Posted by Ray on November 16, 2009 under Main | Be the First to Comment

According to Ben and now his number 2, Donald Kohn, there are no more asset bubbles in the US, none at all. This is coming from the same Fed that missed the mother of all housing bubbles and continually either lied to themselves or us to the severity of the bubble, when they realized it was busting, after the fact. These are not exactly what I would refer to as credible words of comfort when they messed up so badly to begin with.

However, considering we lost millions of jobs in the last 6 months alone and had horrible economic data all while the stock market climbed an unprecedented 60% from its lows, a feat that usually takes 2 years after a recovery has actually occurred, there is no bubble. Right. In my opinion we went from one horrific bubble, what was the mother of all bubbles, to the greatest ,biggest, most fantastic bubble of all time created by the Fed on purpose. I realize that everyone thinks everything is fine now that the market is up and we had a wonderful 3Q09 GDP figure, which will be revised down to 2.5-3%, that was 110% stimulus induced, and do not fool yourself and think it was not, but things are ugly.

We are still reporting 500K initial claims a week, last month if you look at the official number we actually lost some 276K jobs, the BLS added some 86K via the birth/death model, and unemployment is at 11%+. That’s right, I said unemployment is at 11%+ right now and I can prove it. According to the BLS they understated employment by some 800K in the beginning of this year, this was announced in September 2009 by the BLS, which means we are not counting some 800K people who are unemployed because the BLS fudges the numbers with the birth/death model, go look to see their actual numbers they add in HERE.

My point is that there has never been a point in history where the market climbed 60% from its lows in a mere 6 months while we are still shedding jobs. Given that employment has been overstated, or understated depending on how you look at it, and we have had weak or anemic, albeit better, economic data this equity move is unparalleled and is the basic definition of an asset bubble. Here are 2 other things that should make you say hmm, treasuries are doing very well, still, which is highly unusual in a economic recovery, come on stocks and treasuries can’t both be right, and precious metals are also going through the roof.

It is impossible to have every or virtually every asset class go up and have them all be right. According to the markets, which are horrible future forecasters, see September 2007 Dow 14,000 for proof, we are facing deflation or a continued recession with treasuries going up, inflation with commodities doing very well or a complete economic recovery with stocks and corporate bonds going through the roof. Do you see my point? They cannot all be right, it is not possible. I know I will get hate mail for this next statement, but here it goes, stocks are stupid money and that is a fact. Credit markets and the FX markets are always where the smart money is, hence the reason why those markets dwarf the equity markets. If you think about it you know I am right, stocks are last in line during bankruptcy!

The point I am making is this, equities are for gamblers, like me and probably you. The credit markets represent the smartest of the smartest money and what is that market telling you? Treasuries are saying there are still major problems out there, as they are going up, and corporate bonds are pricing in 2% GDP growth.
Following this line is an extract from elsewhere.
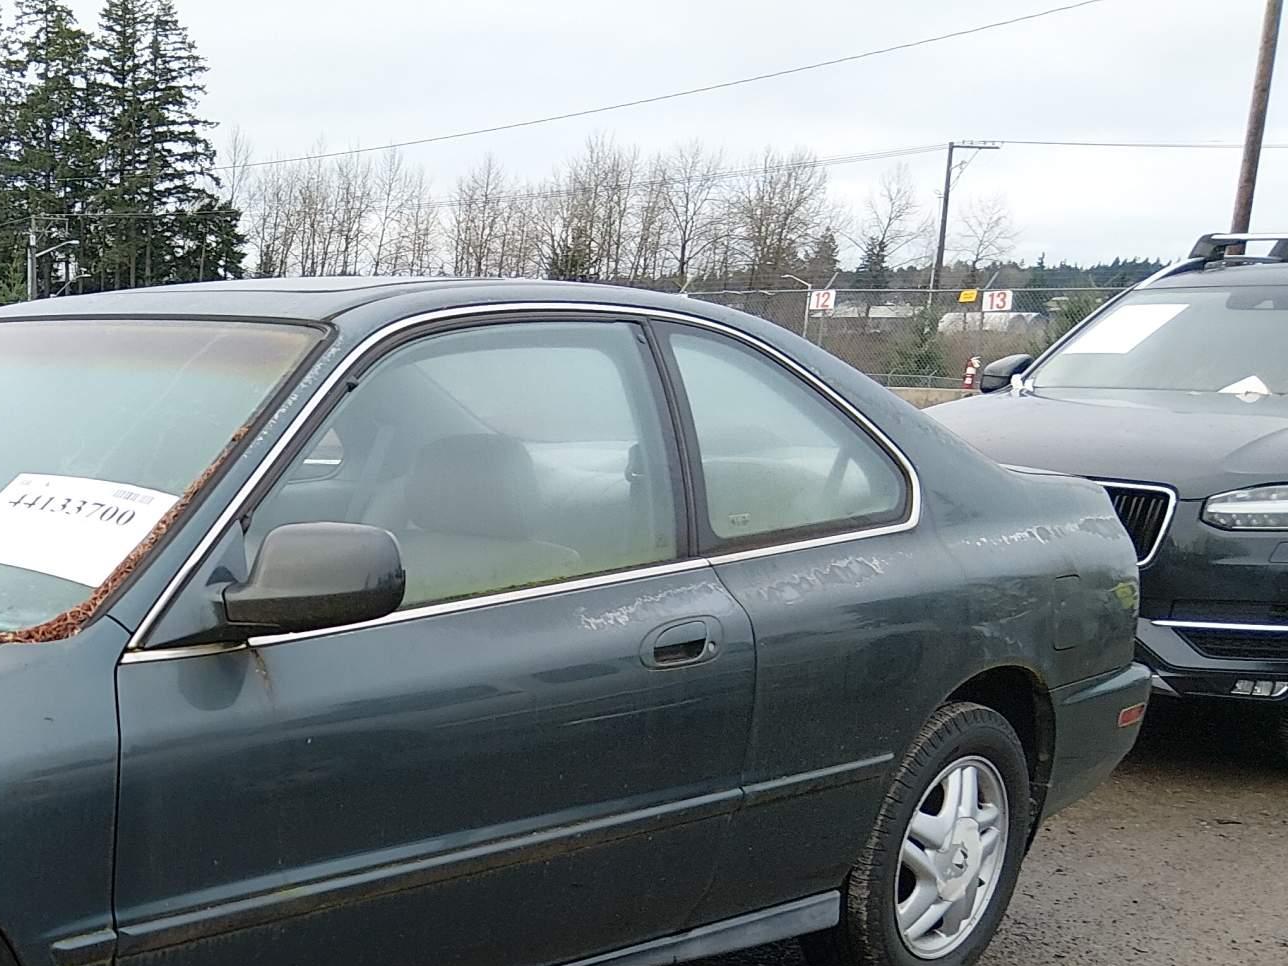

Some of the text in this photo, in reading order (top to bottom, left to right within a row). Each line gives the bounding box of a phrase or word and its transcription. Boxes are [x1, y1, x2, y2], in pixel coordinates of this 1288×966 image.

[815, 292, 831, 308] 12
[988, 292, 1007, 309] 13
[8, 493, 136, 526] 44133700
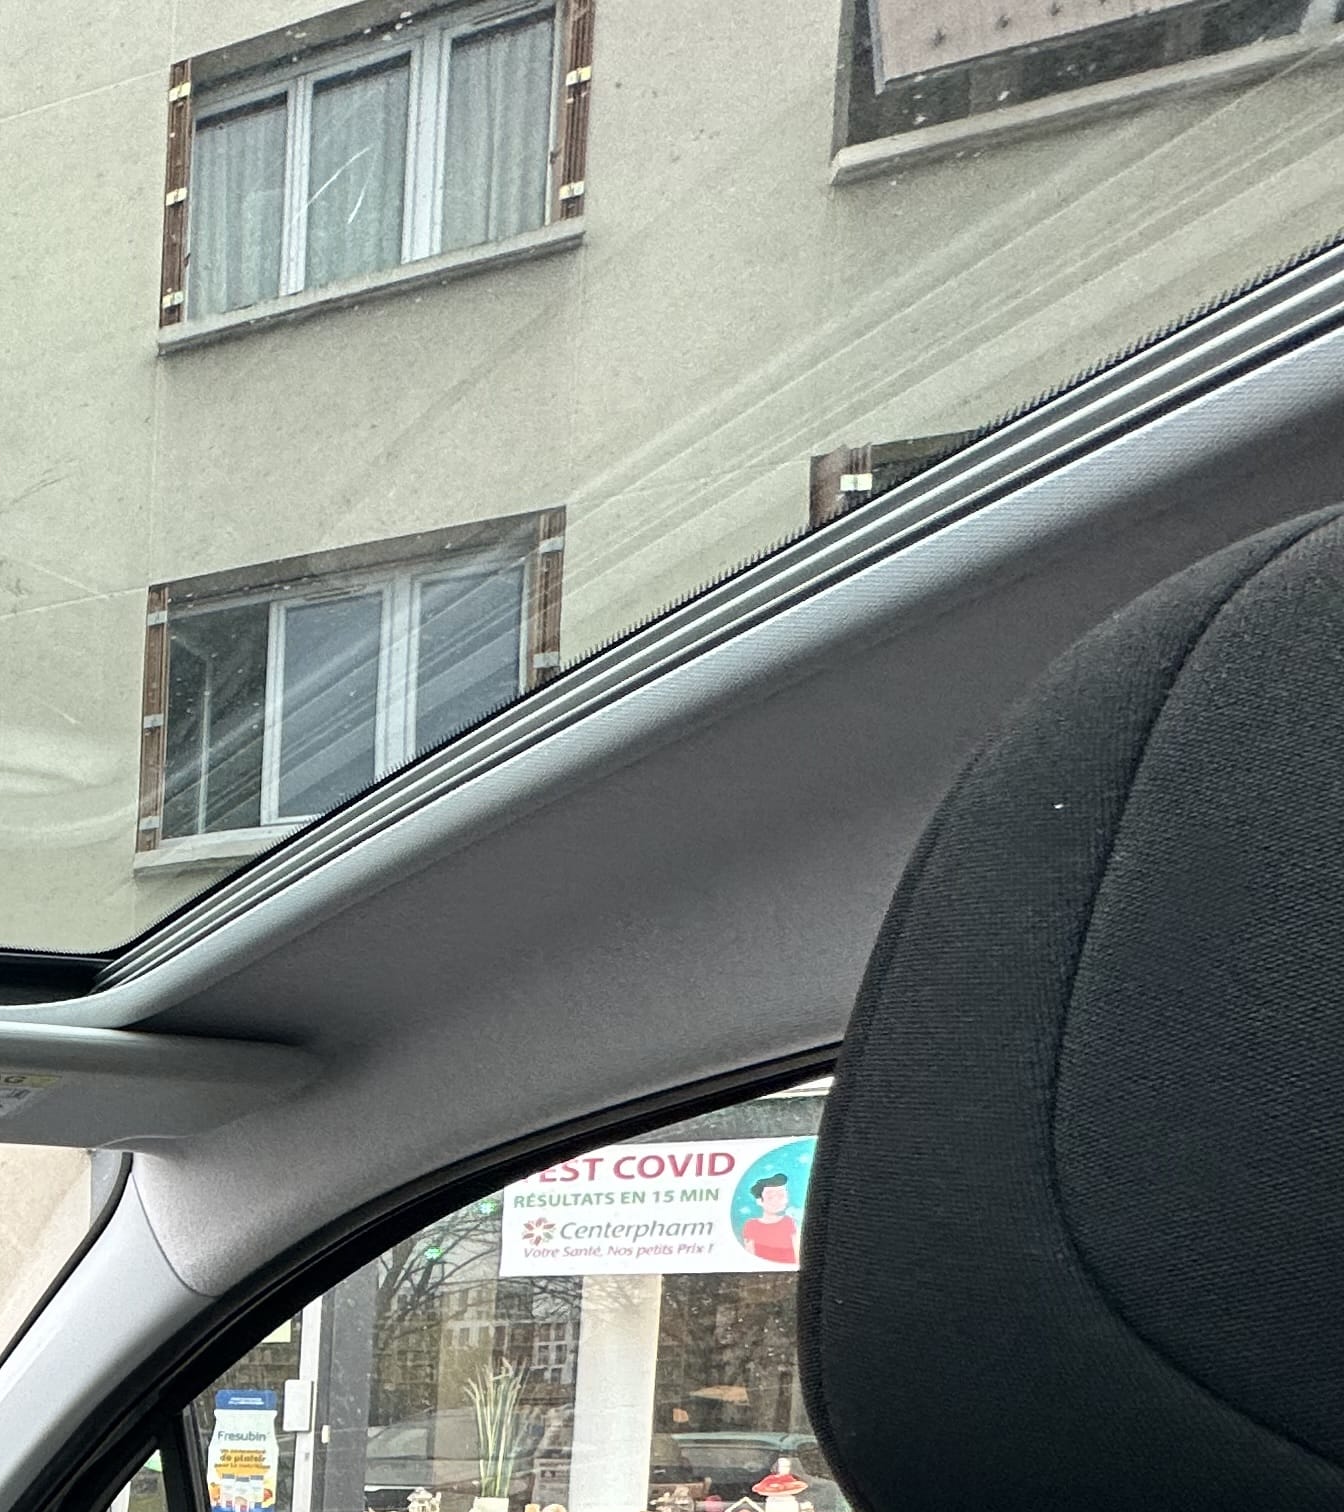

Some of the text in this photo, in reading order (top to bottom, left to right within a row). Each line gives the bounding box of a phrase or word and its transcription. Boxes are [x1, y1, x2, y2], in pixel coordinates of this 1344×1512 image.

Stocks, however, are pricing in some 4%+ GDP growth with job creation and even credit expansion, none of which is actually happening in real life. I can talk until I am blue in the face about valuation and such, but it will do absolutely no good because people do what people do, they see stocks go up and jump on at the very end to ride them all the way down.
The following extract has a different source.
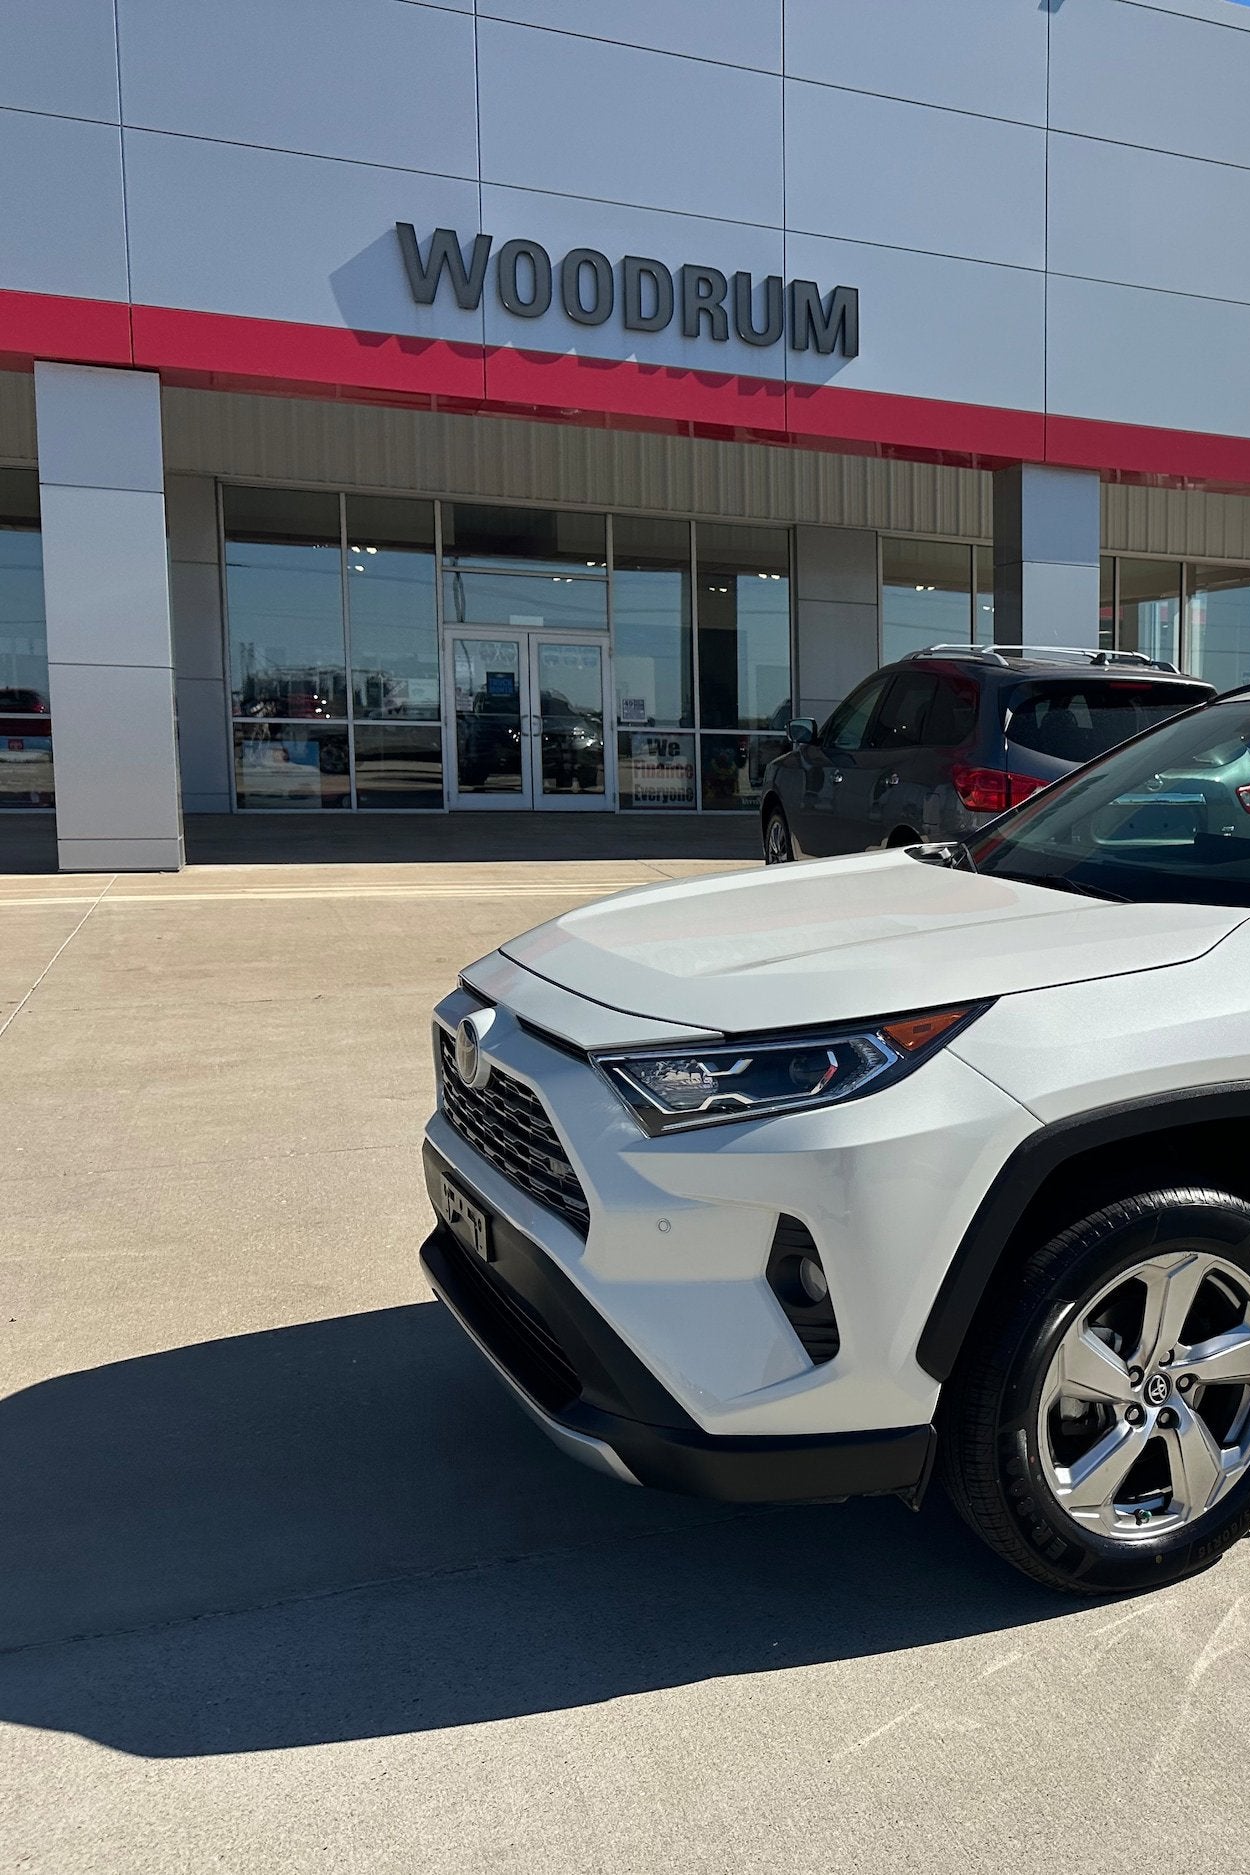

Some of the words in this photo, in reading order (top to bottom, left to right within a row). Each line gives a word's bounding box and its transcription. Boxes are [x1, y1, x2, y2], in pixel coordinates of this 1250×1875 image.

In fact CNBC stated today that the retail investor is coming into the market now. Why? Because human behavior is predictable. They wait for things to go up and then see their friends buying stocks, making money and feel left out and jump on the bandwagon. I saw this happen in 1999/2000 only to see people get killed when the market corrected, which it will, because when we see the behavior I am talking about it is the sign of an asset bubble. It is what happened during every bubble we have had and then we will look back in a year and say how were these people so dumb to fall for it? For the record, I do not think all people are dumb I just think people make bad decisions based on faulty advice and herd mentality.

I also do not think retail investors are jumping into this market as net flows do not show that type of activity, equities still show net redemptions not in flows, so CNBC is flat out wrong. Oh, there is also no money on the sidelines so just forget about that argument it does not exist. That money is sitting in money market accounts because people want it liquid and/or it is part of an asset allocation. In fact, that money has not moved off the sidelines in 15 years so I highly doubt it will move now. If it did, which it is not, that is further evidence of a bubble driven by cheap money as the Fed is literally forcing people to risk their principle to make any return.

The Fed can say all they want that there is no bubble because you and I know there is a major bubble out there. Well, you should know that unless you think 60% rallies happen all the time in a mature market and economy. I think what the Fed is saying is that there is no bubble in securitization or in the housing market, which is debatable, but there is one heck of a bubble in stocks. The one thing I do know for sure is that all bubbles pop, I just do not know when, but this one will go soon and it will be spectacular.